**Assignment:**
Write out, word for word, the line that contains "this 2212×1667 image." and each line after it down to the last line of the data below. Include nothing more.

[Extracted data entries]
────────

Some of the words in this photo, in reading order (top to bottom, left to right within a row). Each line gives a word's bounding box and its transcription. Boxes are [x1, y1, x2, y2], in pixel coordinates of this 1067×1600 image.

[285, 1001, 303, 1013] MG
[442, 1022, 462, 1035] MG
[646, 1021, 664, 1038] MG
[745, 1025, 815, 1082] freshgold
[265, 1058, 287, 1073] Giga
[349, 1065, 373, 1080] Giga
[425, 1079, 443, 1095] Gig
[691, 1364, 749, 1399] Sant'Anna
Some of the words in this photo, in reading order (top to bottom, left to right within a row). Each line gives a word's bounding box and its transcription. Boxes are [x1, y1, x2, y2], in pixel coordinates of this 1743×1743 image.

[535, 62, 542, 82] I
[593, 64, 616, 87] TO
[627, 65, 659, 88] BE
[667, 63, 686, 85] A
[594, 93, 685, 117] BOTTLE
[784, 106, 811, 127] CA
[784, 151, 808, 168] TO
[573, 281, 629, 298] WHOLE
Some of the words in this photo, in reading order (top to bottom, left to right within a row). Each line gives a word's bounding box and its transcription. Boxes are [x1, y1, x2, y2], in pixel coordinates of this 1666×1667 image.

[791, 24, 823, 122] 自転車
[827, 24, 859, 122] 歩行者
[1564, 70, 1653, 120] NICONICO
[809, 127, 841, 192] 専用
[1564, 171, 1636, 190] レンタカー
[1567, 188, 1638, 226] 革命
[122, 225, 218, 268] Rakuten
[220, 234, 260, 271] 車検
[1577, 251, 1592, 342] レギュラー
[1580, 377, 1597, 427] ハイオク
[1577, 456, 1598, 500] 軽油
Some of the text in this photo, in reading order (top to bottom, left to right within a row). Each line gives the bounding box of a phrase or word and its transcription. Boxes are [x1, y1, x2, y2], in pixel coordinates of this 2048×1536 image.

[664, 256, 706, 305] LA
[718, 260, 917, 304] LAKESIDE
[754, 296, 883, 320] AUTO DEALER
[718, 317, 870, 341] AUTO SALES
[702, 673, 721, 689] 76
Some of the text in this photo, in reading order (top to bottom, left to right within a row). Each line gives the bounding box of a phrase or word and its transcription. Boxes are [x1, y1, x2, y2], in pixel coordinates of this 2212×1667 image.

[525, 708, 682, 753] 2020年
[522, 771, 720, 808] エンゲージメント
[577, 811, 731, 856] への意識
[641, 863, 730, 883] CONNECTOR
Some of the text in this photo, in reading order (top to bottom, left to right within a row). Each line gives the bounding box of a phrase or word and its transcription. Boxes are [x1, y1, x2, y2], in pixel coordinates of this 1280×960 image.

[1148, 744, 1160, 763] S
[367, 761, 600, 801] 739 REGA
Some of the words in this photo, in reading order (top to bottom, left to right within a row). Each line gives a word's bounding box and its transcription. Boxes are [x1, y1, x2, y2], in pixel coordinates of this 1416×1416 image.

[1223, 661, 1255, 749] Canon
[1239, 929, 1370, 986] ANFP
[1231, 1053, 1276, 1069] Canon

────────

**Result below:**
Some of the text in this photo, in reading order (top to bottom, left to right within a row). Each line gives the bounding box of a phrase or word and its transcription. Boxes are [x1, y1, x2, y2], in pixel coordinates of this 2212×1667 image.

[525, 708, 682, 753] 2020年
[522, 771, 720, 808] エンゲージメント
[577, 811, 731, 856] への意識
[641, 863, 730, 883] CONNECTOR
Some of the text in this photo, in reading order (top to bottom, left to right within a row). Each line gives the bounding box of a phrase or word and its transcription. Boxes are [x1, y1, x2, y2], in pixel coordinates of this 1280×960 image.

[1148, 744, 1160, 763] S
[367, 761, 600, 801] 739 REGA
Some of the words in this photo, in reading order (top to bottom, left to right within a row). Each line gives a word's bounding box and its transcription. Boxes are [x1, y1, x2, y2], in pixel coordinates of this 1416×1416 image.

[1223, 661, 1255, 749] Canon
[1239, 929, 1370, 986] ANFP
[1231, 1053, 1276, 1069] Canon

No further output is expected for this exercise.